Transcribe all records exactly; omit pictures.
(Beginning of LISTED RECORDS)
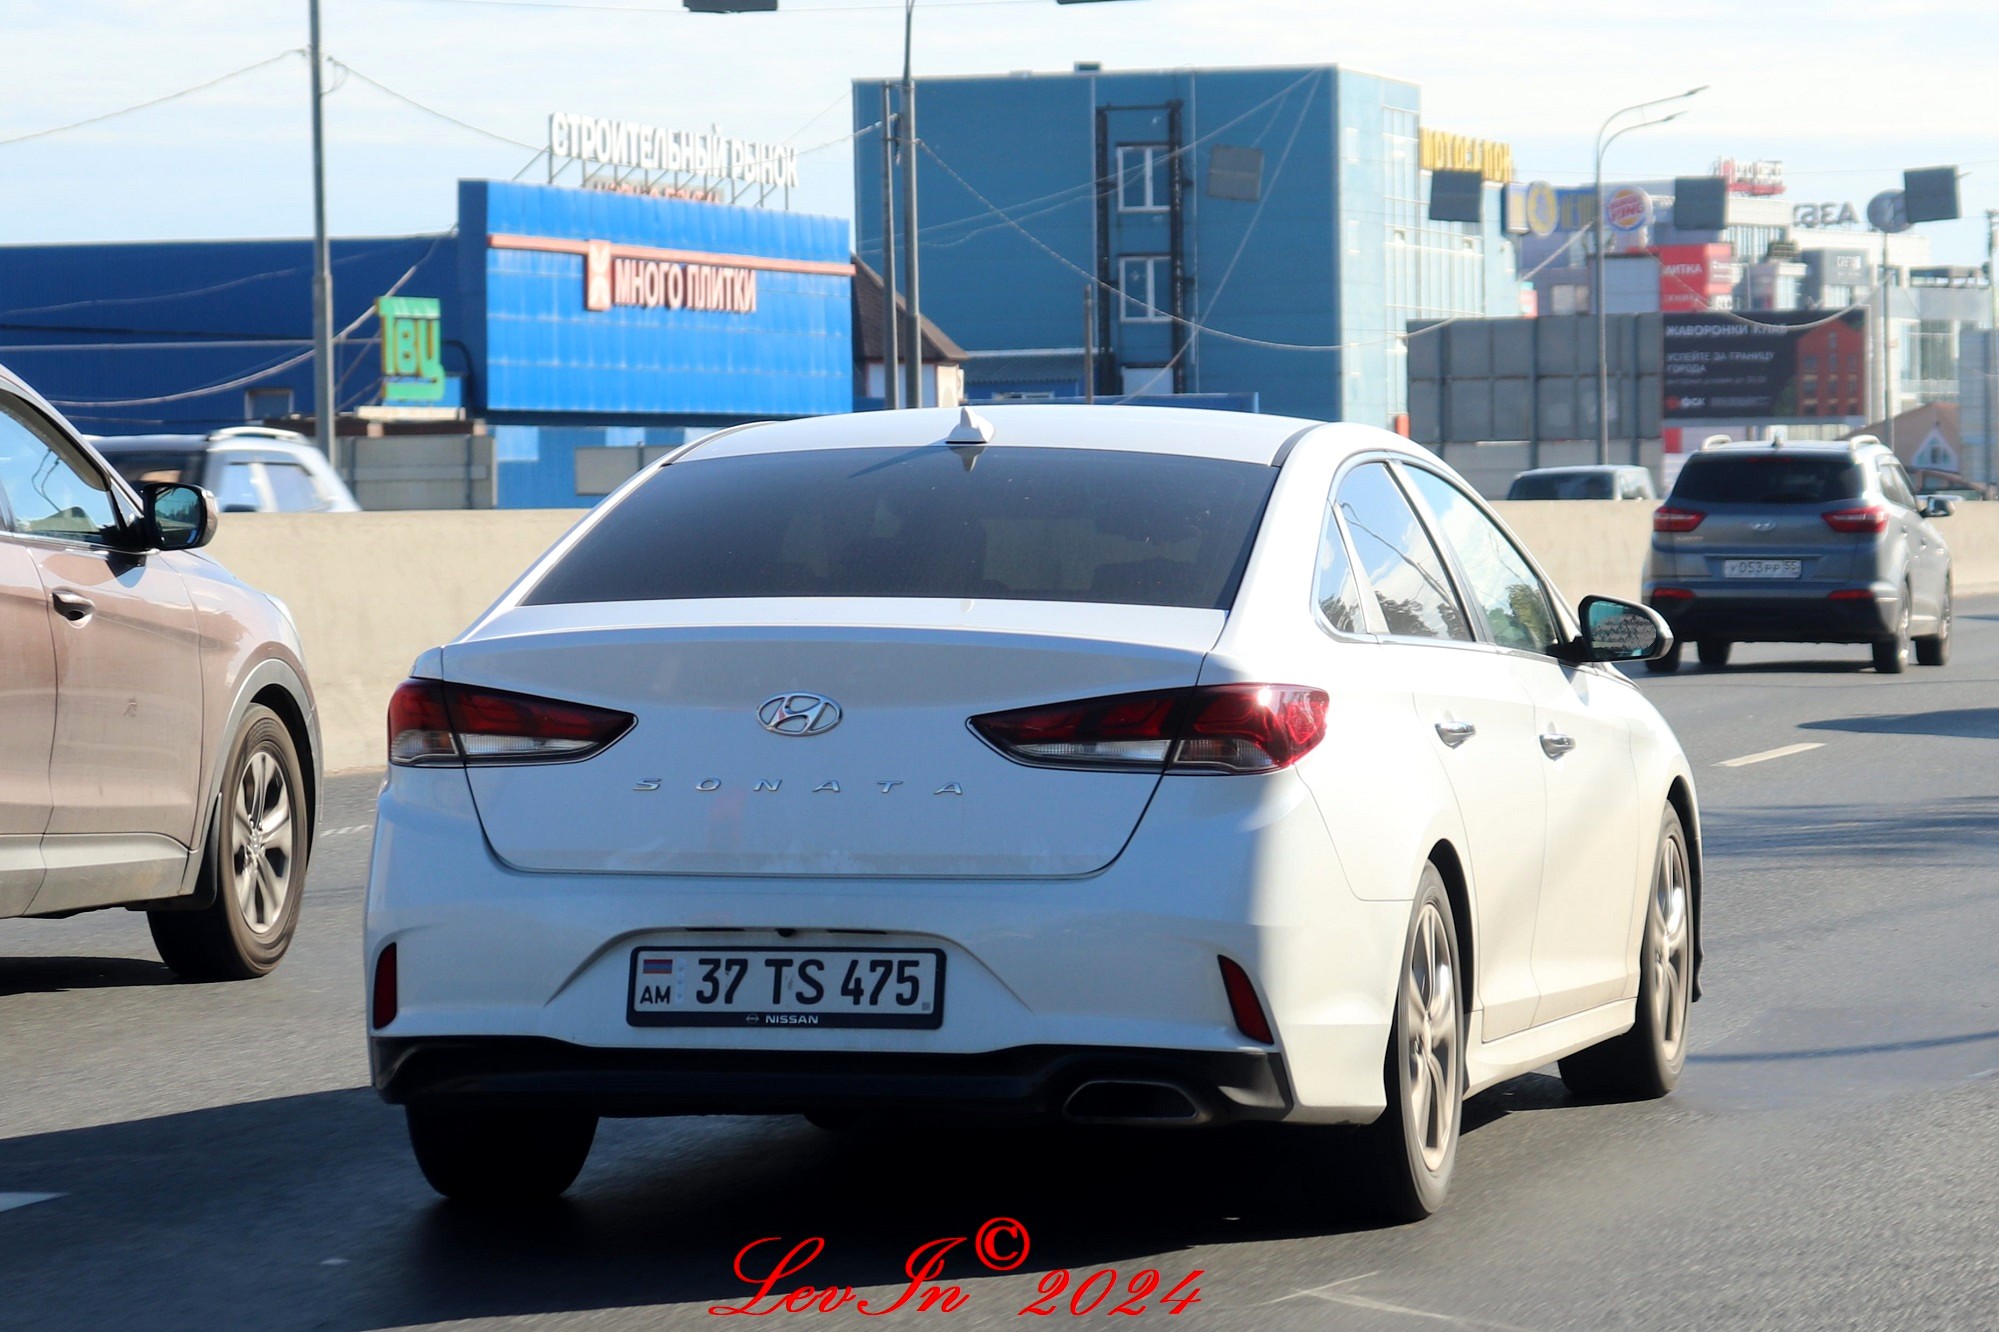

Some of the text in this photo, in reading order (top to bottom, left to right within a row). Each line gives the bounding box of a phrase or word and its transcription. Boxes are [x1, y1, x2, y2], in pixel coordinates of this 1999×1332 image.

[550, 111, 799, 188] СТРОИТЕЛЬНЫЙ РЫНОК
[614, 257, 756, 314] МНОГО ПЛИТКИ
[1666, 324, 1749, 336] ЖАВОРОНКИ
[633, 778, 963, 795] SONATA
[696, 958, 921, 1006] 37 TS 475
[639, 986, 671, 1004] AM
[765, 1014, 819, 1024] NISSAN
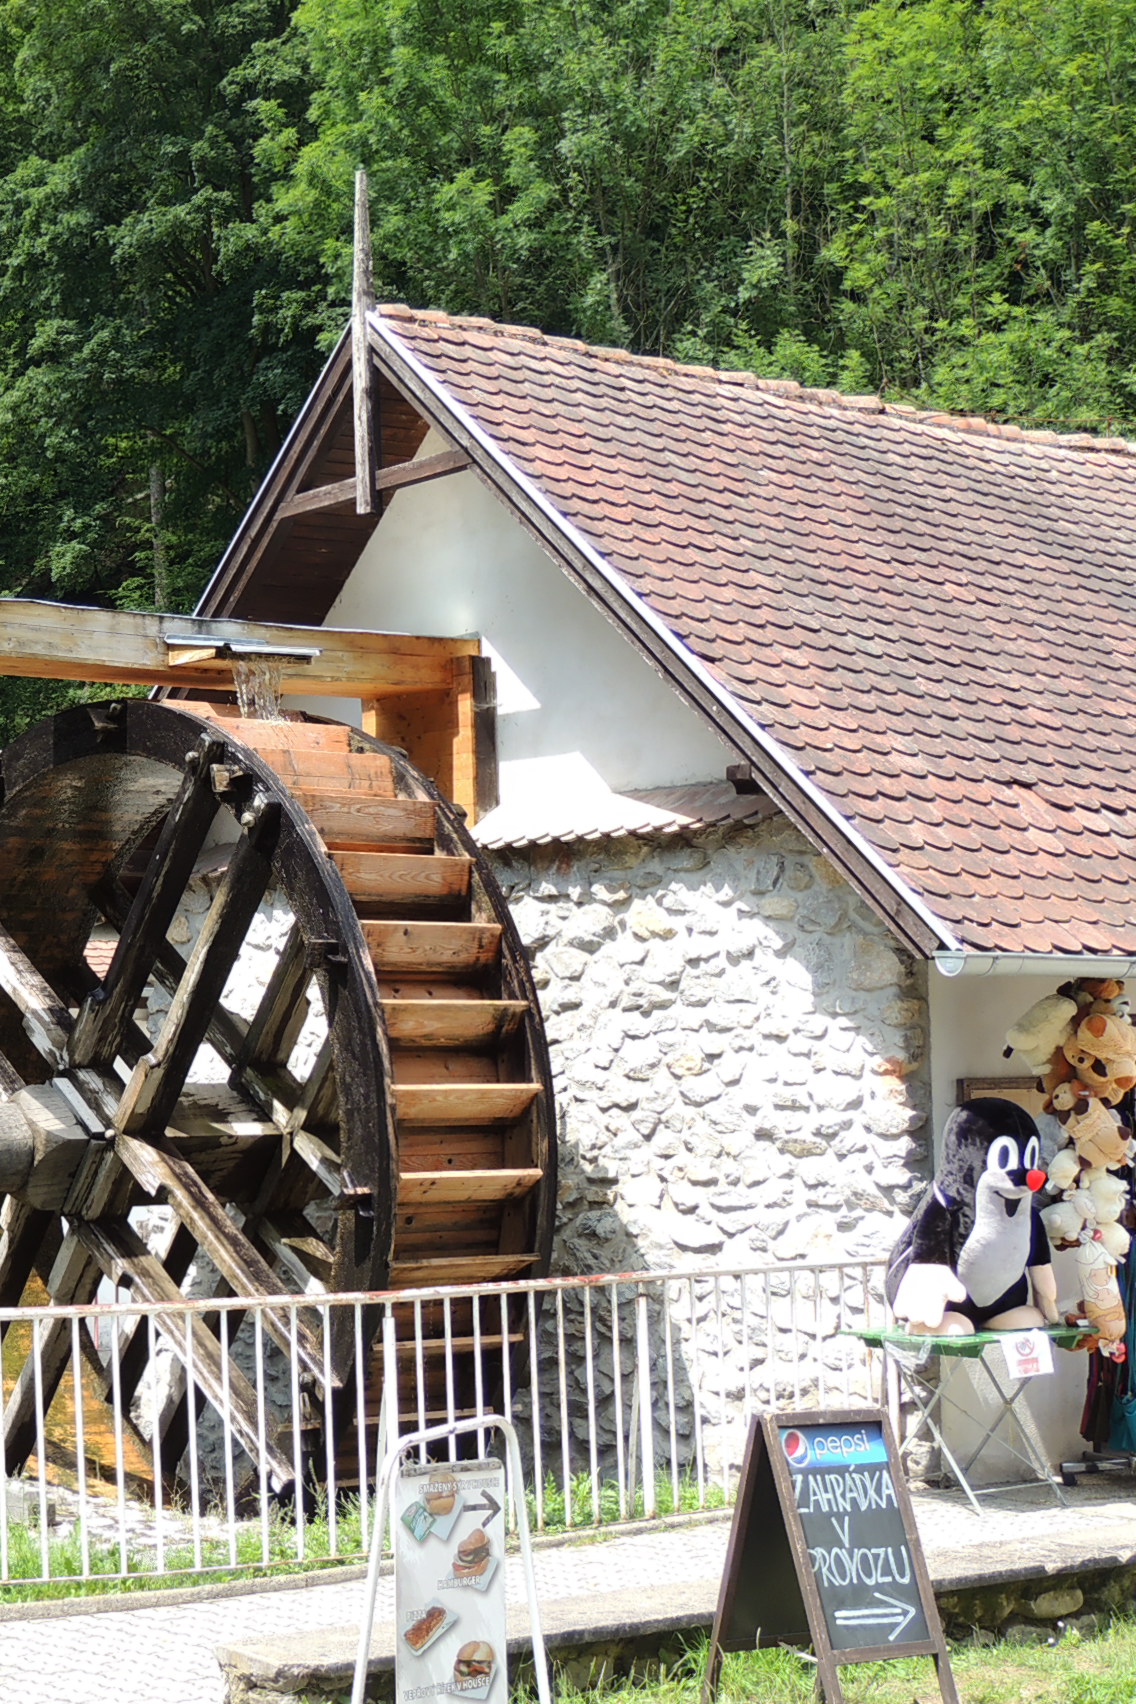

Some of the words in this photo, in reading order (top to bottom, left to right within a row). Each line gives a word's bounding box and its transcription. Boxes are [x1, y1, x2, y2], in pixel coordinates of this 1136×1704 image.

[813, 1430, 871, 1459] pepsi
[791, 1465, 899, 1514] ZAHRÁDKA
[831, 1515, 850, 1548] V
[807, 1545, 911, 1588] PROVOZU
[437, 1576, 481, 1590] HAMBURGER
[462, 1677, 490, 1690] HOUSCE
(End of LISTED RECORDS)
• _RESULT FOR THIS TASK_:
Some of the text in this photo, in reading order (top to bottom, left to right within a row). Each line gives the bounding box of a phrase or word and its transcription. Boxes are [x1, y1, x2, y2], in pixel coordinates of this 1999×1332 image.

[550, 111, 799, 188] СТРОИТЕЛЬНЫЙ РЫНОК
[614, 257, 756, 314] МНОГО ПЛИТКИ
[1666, 324, 1749, 336] ЖАВОРОНКИ
[633, 778, 963, 795] SONATA
[696, 958, 921, 1006] 37 TS 475
[639, 986, 671, 1004] AM
[765, 1014, 819, 1024] NISSAN

Some of the words in this photo, in reading order (top to bottom, left to right within a row). Each line gives a word's bounding box and its transcription. Boxes are [x1, y1, x2, y2], in pixel coordinates of this 1136×1704 image.

[813, 1430, 871, 1459] pepsi
[791, 1465, 899, 1514] ZAHRÁDKA
[831, 1515, 850, 1548] V
[807, 1545, 911, 1588] PROVOZU
[437, 1576, 481, 1590] HAMBURGER
[462, 1677, 490, 1690] HOUSCE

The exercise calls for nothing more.